Friday, February 20, 2009

Velikovsky and Joshua’s Long Day

Immanuel Velikovsky has an entry in Wikipedia. It starts out like this[1]:

"Immanuel Velikovsky (June 10, 1895 (NS) – November 17, 1979) is best known as the author of a number of controversial books on prehistory, in particular, the US bestseller Worlds in Collision, published in 1950. Earlier, he played a role in the founding of the Hebrew University of Jerusalem, and was a respected psychiatrist and psychoanalyst.

"His books use comparative mythology and ancient literary sources (including the Bible) to argue that Earth has suffered catastrophic close-contacts with other planets (principally Venus and Mars) in ancient times. Velikovsky argued that electromagnetic effects play an important role in celestial mechanics. He also proposed a revised chronology for ancient Egypt, Greece, Israel and other cultures of the ancient Near East. The revised chronology aimed at explaining the so-called dark age of the eastern Mediterranean (ca. 1100-750 BCE) and reconciling biblical history with mainstream archeology and orthodox interpretations of Egyptian chronology. Indeed, revising or correcting (in his view) the conventional chronology of Egypt was his principal concern."

Velikovsky's theories have generally been rejected or ignored by the academic community.

In summary, Velikovsky believed that Jupiter expelled a huge comet, which eventually became Venus. The expulsion of this comet created the Red Spot that we see on Jupiter to this day. This comet nearly collided with Earth after it was expelled from Jupiter in about 1500 BCE, causing the plagues of Egypt, and the parting of the Red Sea, and nourished the Children of Israel with manna (which he says is made of hydrocarbons from the comet). That same comet then made the earth stop spinning when Joshua commanded the sun to stand still. The earth started spinning again. Then the comet zoomed to Mars, throwing Mars out of its orbit. Mars then nearly collided with Earth, destroying the army of Sennacherib.
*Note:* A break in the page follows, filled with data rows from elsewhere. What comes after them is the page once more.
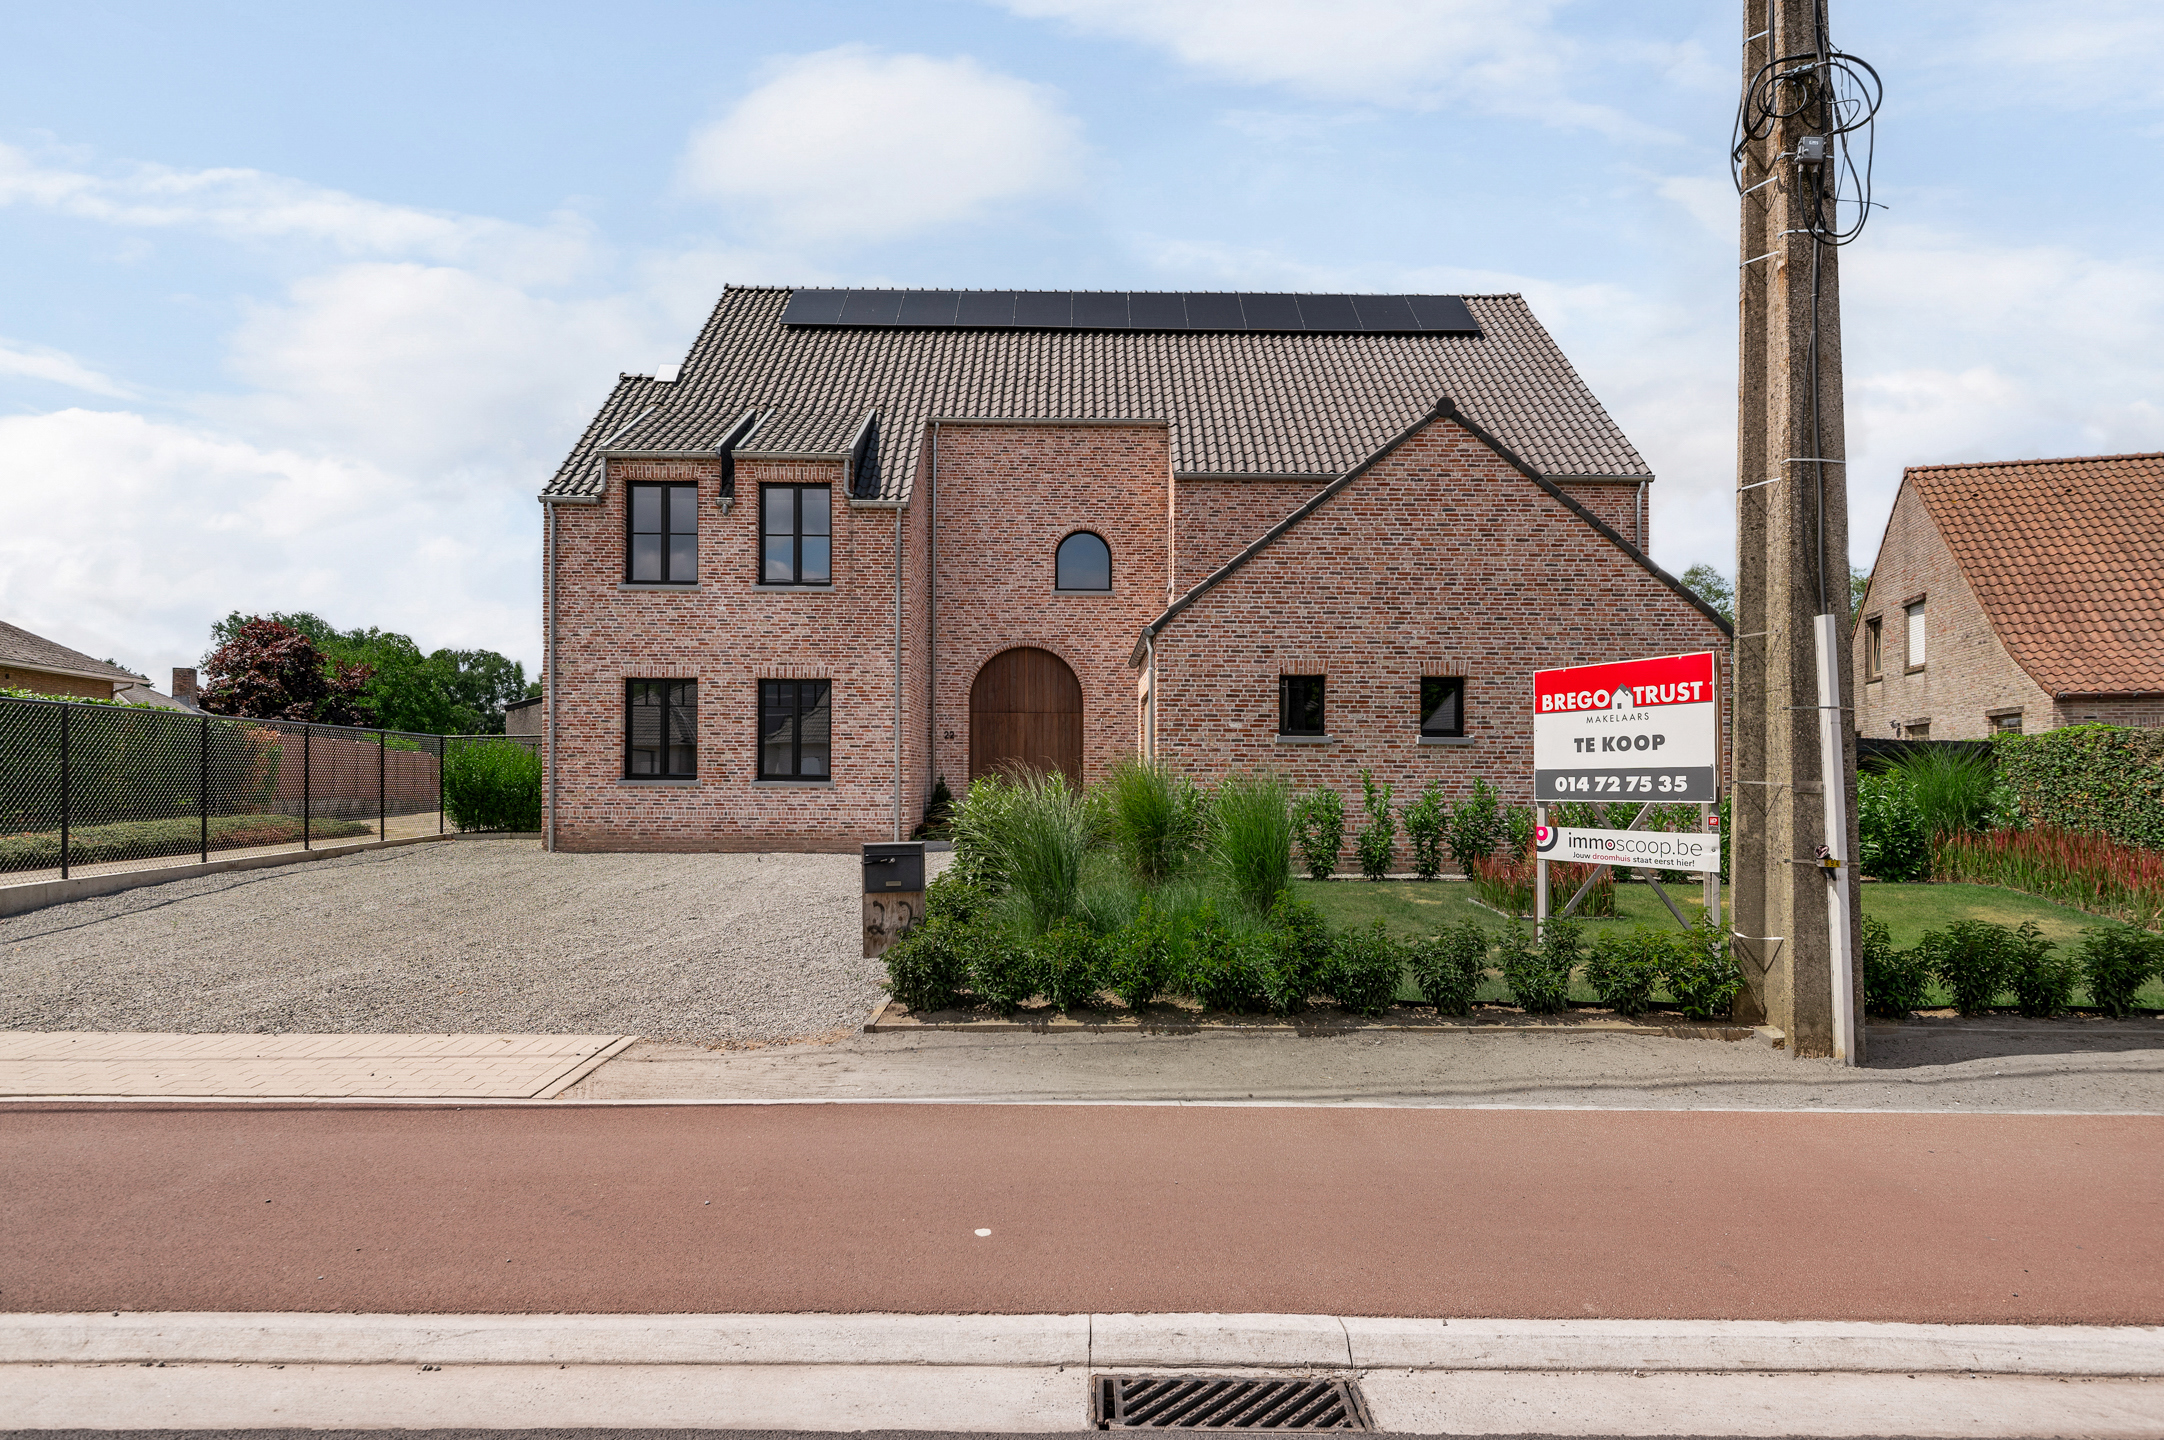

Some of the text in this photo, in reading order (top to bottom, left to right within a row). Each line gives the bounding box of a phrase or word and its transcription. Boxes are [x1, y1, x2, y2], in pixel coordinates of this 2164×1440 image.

[1542, 681, 1703, 711] BREGO TRUST
[1586, 712, 1650, 724] MAKELAARS
[944, 731, 954, 739] 22
[1574, 734, 1666, 753] TE KOOP
[1554, 775, 1688, 792] 014 72 75 35
[1568, 832, 1703, 858] immoscoop.be
[1573, 851, 1695, 867] Jouw droomhuis staat eerst hier!
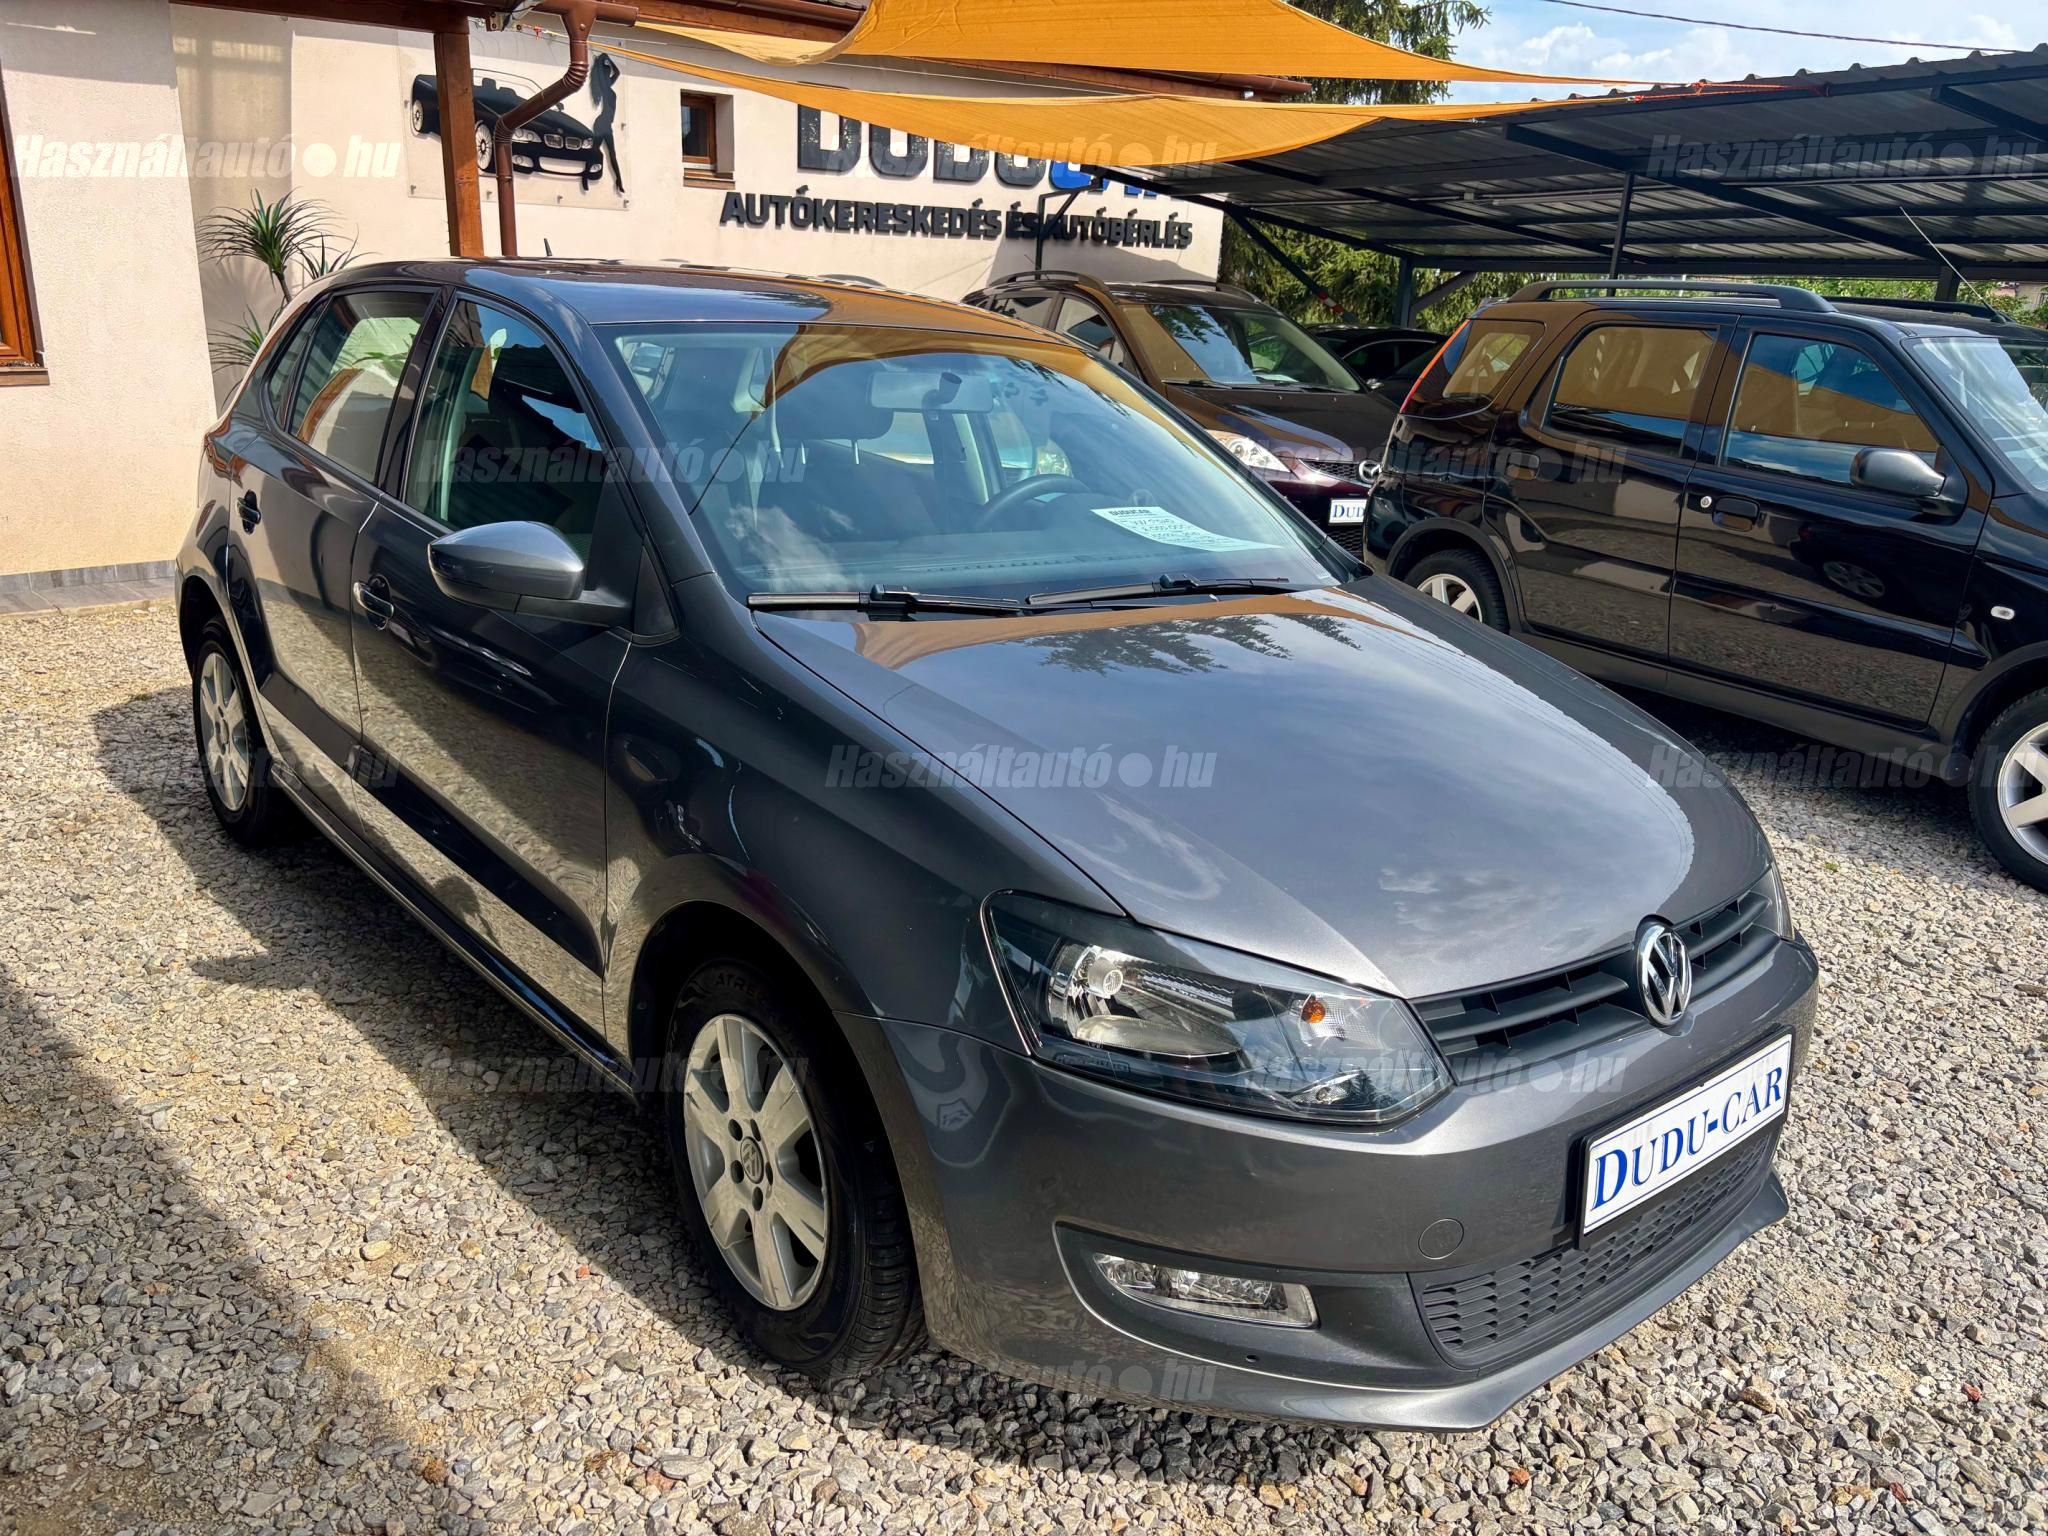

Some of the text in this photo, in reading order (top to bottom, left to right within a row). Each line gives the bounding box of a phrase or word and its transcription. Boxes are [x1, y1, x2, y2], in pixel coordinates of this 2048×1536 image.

[719, 184, 1193, 249] AUTÓKERESKEDÉS ÉS AUTÓBÉRLÉS
[1589, 1066, 1783, 1211] DUDU-CAR
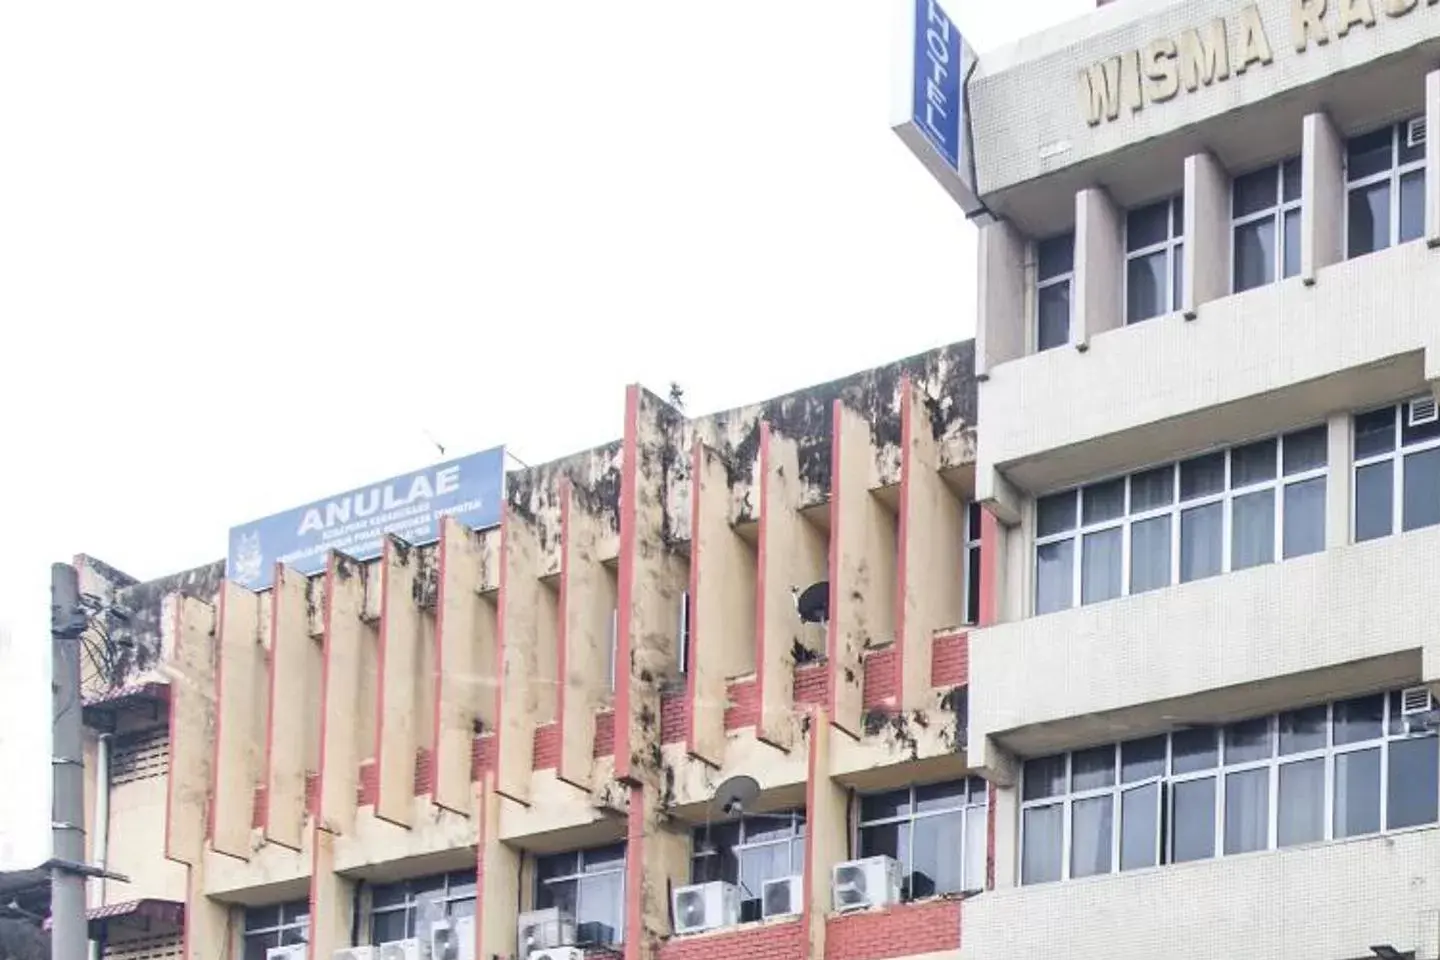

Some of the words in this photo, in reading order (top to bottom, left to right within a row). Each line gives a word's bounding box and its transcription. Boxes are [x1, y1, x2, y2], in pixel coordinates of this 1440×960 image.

[926, 0, 950, 143] HOTEL
[1078, 3, 1273, 127] WISMA
[1292, 0, 1440, 53] RA
[297, 464, 461, 536] ANULAE
Mars settled into its present orbit, and the comet became Venus, settling into its own orbit.That’s quite a busy comet.

Velikovsky was Jewish and attempted to explain many of the events in the Old Testament. Velikovsky was also a contemporary and life-long friend of Albert Einstein – a man who knew quite a bit about the movement of planetary bodies.

Are Velikovsky’s ideas plausible? Here’s a response from a Physics professor:

"Could Velikovsky's ideas be true? How can we test them? If there were some obvious physical mechanism for moving planets around and changing their rotations the way Velikovsky claims, we might have reason to believe him. It would take as much energy as the Sun emits in a year to expel Venus from Jupiter. The normal laws of planetary motion are known well enough for us to send spacecraft to Saturn and beyond, arriving only a few miles off target and a few seconds off schedule after a trip of a billion miles and years in duration, but the normal laws of planetary motion will not move planets the way Velikovsky says they moved. Velikovsky postulated electromagnetic forces, but there is no known way such forces could originate in the Solar system. There are many thousands of known double stars in orbit around one another, but we have never seen any undergo the sort of violent orbital changes Velikovsky claims took place in our solar System. The laws of physics offer little encouragement to Velikovsky[2]."

Velikovsky’s friend Einstein was one of those who was critical of Velikovsky’s ideas. As a friend he didn’t wish to offer insults, but in a letter from Einstein to Velikovsky dated July 8, 1946, Einstein wrote these words:

"I have read the whole book about the planet Venus. There is much of interest in the book which proves that in fact catastrophes have taken place which must be attributed to extraterrestrial causes. However it is evident to every sensible physicist that these catastrophes can have nothing to do with the planet Venus and that also the direction of the inclination of the terrestrial axis towards the ecliptic could not have undergone a considerable change without the total destruction of the earth's entire crust. It were best in my opinion if you would in this way revise your books, which contain truly valuable material. If you cannot decide on this, then what is valuable in your deliberations will become ineffective, and it would be difficult finding a sensible publisher who would take the risk of such a heavy setback upon himself.[3]"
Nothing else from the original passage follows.